Bunun için, gerek toplumun gerekse toplumu meydana getiren kişilerin ayrı ayrı inançları, yaşama 
görüşleri, yaşama felsefeleri ahlâkın kaynağını, temelini teşkil etmektedir. Bu bakımdan kişilerin 
ve toplumun dünya görüşü, yaşama felsefesi ve taşıdıkları inanç çok önemlidir.
Biz, Türk toplumunun dünya görüşünün, yaşama felsefesinin kendi dinî inançlarından, İslâmiyet’ten 
ve millî tarihten kökünü aldığını görmekteyiz. Bunlara ilâve olarak, milletimizin geçirdiği tecrübeler 
ve yurdumuzun içinde bulunduğu şartlar da toplumumuzun düşünce ve inançlarında tesirli
faktörlerdir. İşte bu kaynak ve faktörlerin tesiri altında, Türk milletinin mutluluğunu sağlayacak, 
Türk millî ahlâkına önem vermek zorunluluğuyla karşı karşıyayız. Ahlâksız kişi, ahlâksız toplum 
mutlu olamaz.

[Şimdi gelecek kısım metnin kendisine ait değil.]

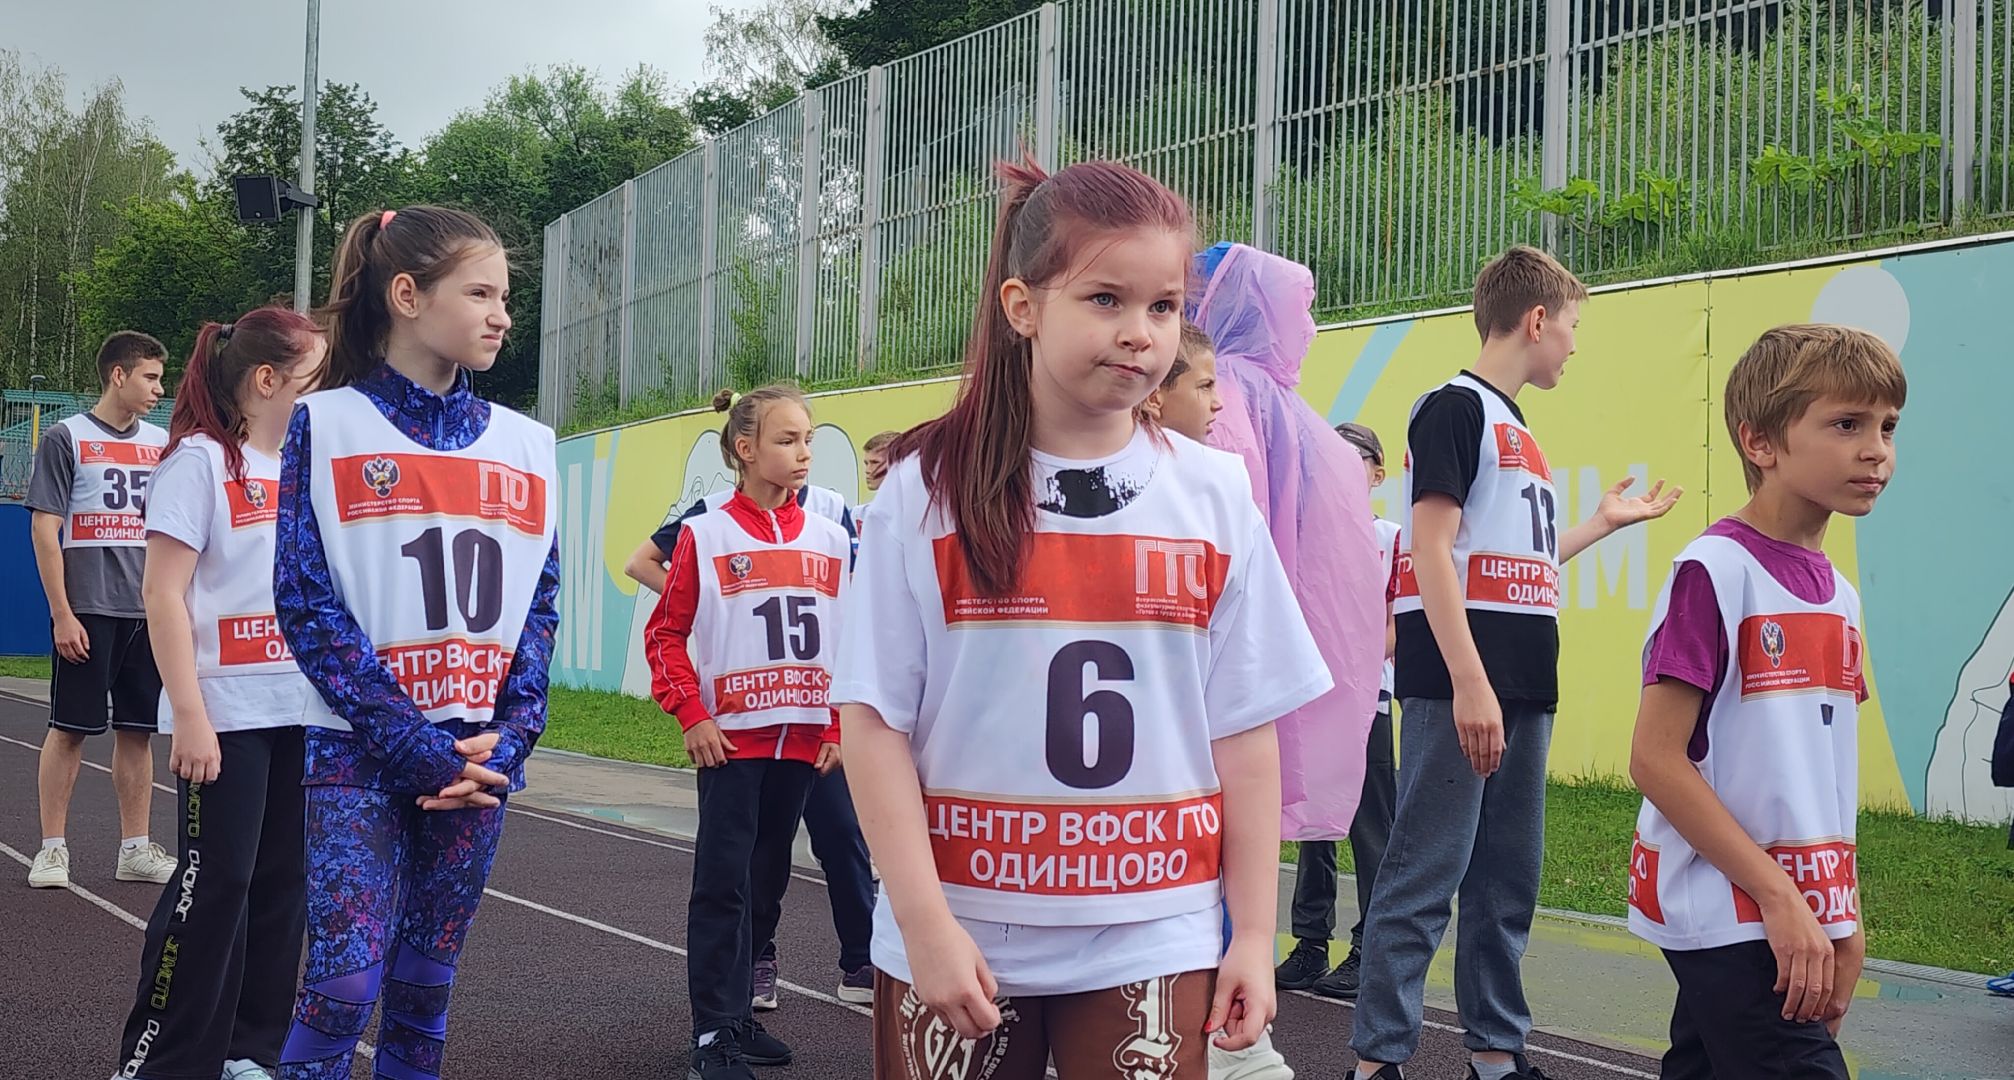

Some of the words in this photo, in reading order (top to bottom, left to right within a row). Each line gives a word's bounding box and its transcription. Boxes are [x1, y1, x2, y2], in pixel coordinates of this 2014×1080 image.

Böyle bir toplum kalkınamaz, böyle bir toplum yüksek düşünceler, kutsal inançları 
uğruna fedakârlık ve feragat gösteremez. İnsanlık tarihine şeref veren büyük eserler, insanların 
uzun sabır yıllarıyla güçlüklere göğüs gererek, katlanarak, feragatle çalışmalarıyla meydana 
getirdikleri yüce hizmetler, inancın insanlığa kazandırdığı, , köklü imanın ve yüce bir ülküye, ideale 
bağlanmanın kazandırdığı varlıklar. olmuştur. Bunun için biz de Millî doktrin Dokuz Işık’ın önemli 
bir ilkesi olarak ahlâkçılığı almış bulunmaktayız. Ahlâkçılıkla kastettiğimiz şey, her şeyden önce 
kişilerin ve toplumun millî ahlâk kurallarına bağlı olarak yetiştirilmesi ve millî ahlâk kurallarına 
bağlı olarak yaşaması ilkesidir.
Bu sağlanmadıkça toplumumuzun kalkınması ve toplum içinde haksızlıkların önlenmesi, ıstırapların 
önlenmesi, kişilerin ve toplumun mutluluğunun sağlanması mümkün olamaz. Ahlâkçılık derken her 
şeyden önce milletimizin dini olan İslâmiyet esaslarını ve İslâm inançlarını bunun başlıca kaynağı 
olarak almaktayız Bunun yanı sıra kendi millî geleneklerimizi, millî tarihimizi ve milletimizin 
geçirmiş olduğu çeşitli tecrübelerin bize kazandırdığı kuralları göz önünde bulundurmaktayız.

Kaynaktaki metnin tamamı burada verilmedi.